Entries shown:
• • •
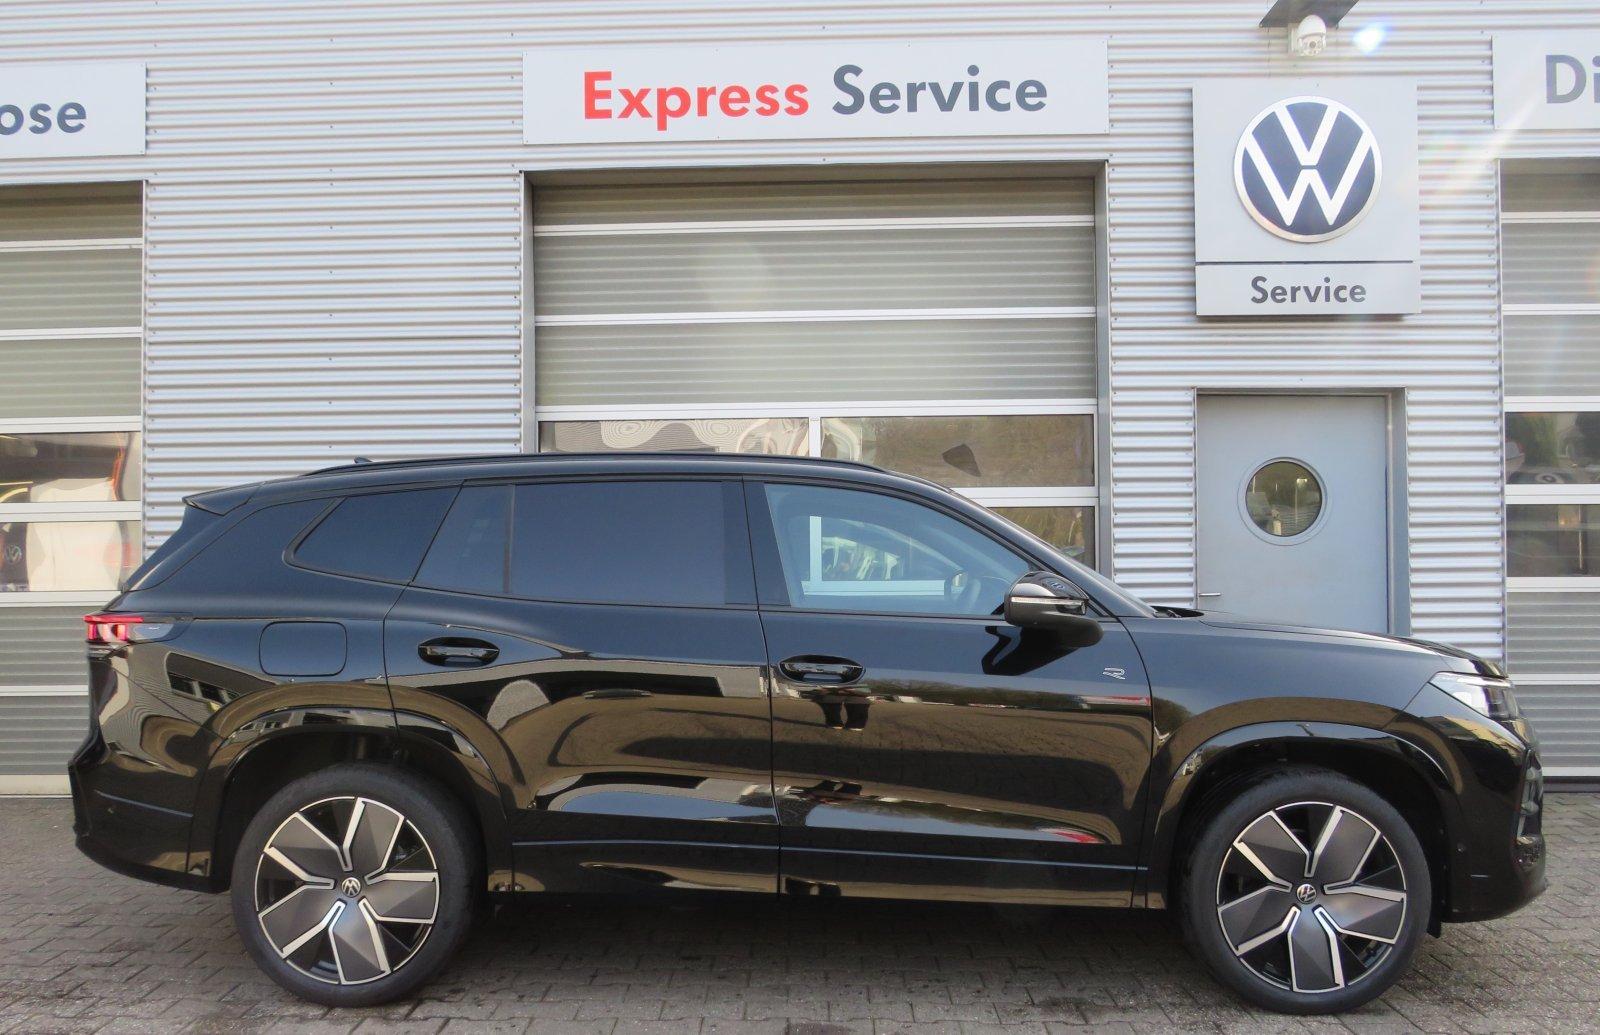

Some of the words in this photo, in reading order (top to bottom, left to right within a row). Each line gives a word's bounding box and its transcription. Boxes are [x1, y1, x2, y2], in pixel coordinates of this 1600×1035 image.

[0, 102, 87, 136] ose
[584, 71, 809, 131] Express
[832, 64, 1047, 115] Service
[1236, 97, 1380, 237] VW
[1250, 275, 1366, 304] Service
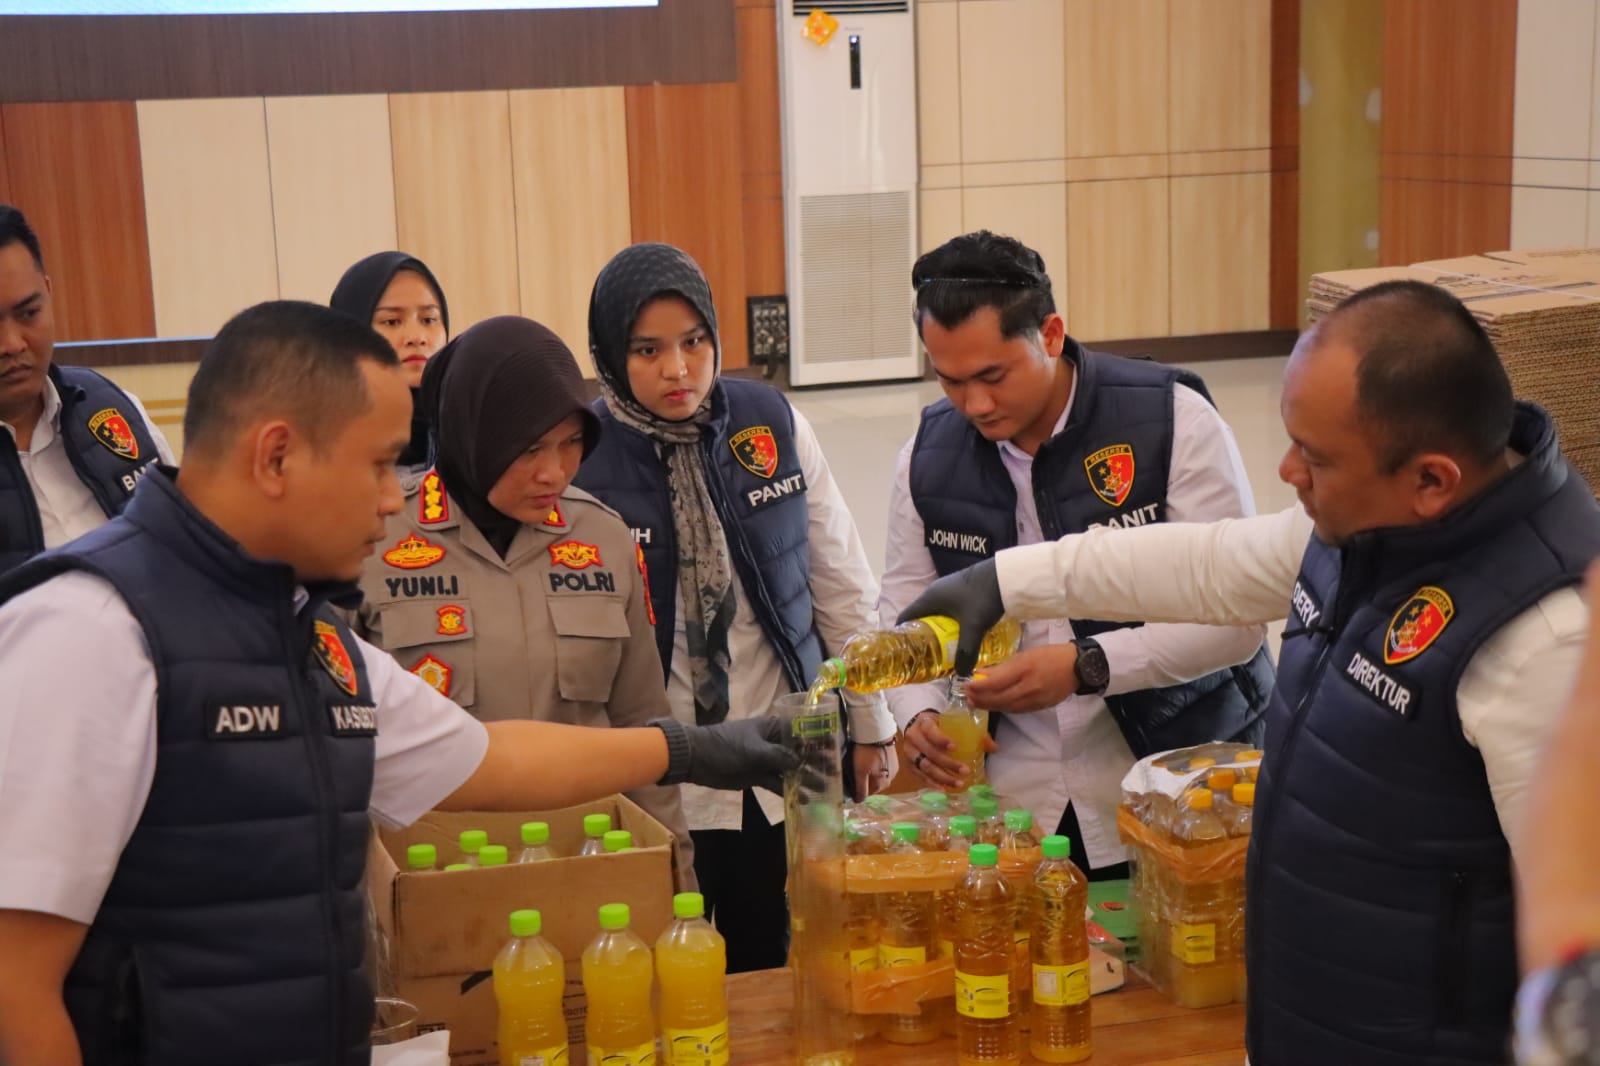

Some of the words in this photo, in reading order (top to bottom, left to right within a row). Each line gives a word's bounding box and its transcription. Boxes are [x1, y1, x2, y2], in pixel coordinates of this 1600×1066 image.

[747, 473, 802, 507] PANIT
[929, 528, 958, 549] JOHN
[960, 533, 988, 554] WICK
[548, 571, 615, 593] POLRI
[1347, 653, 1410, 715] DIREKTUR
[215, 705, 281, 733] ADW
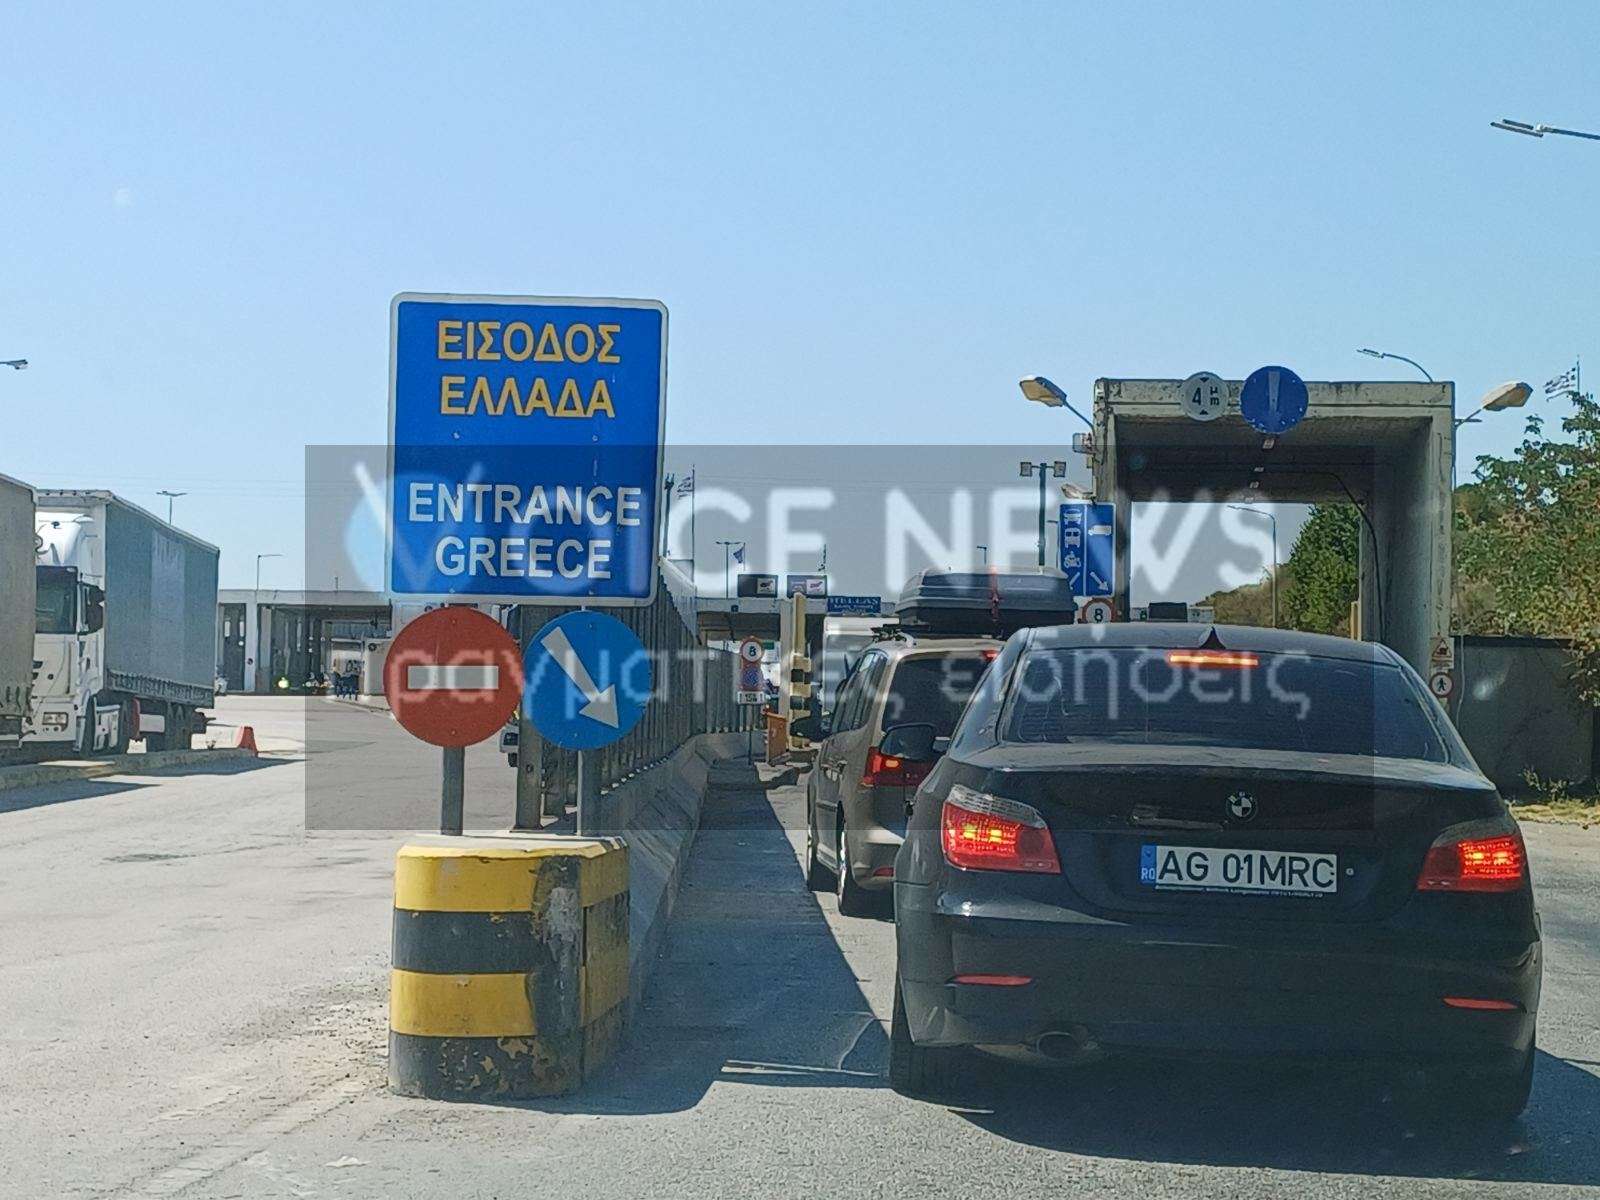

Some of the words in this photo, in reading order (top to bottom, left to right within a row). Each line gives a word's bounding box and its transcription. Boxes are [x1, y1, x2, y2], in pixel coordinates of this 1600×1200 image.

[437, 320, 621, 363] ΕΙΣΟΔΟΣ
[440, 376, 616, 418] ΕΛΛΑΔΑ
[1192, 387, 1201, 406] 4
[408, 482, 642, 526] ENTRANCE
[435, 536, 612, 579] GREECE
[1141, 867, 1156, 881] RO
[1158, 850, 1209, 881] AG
• • •
Action item: Would you return exactly, and only, the lines beginning at the one with "this 1600×1200 image." and ending at the last line of the listing?

Answer:
Some of the words in this photo, in reading order (top to bottom, left to right within a row). Each line gives a word's bounding box and its transcription. Boxes are [x1, y1, x2, y2], in pixel coordinates of this 1600×1200 image.

[437, 320, 621, 363] ΕΙΣΟΔΟΣ
[440, 376, 616, 418] ΕΛΛΑΔΑ
[1192, 387, 1201, 406] 4
[408, 482, 642, 526] ENTRANCE
[435, 536, 612, 579] GREECE
[1141, 867, 1156, 881] RO
[1158, 850, 1209, 881] AG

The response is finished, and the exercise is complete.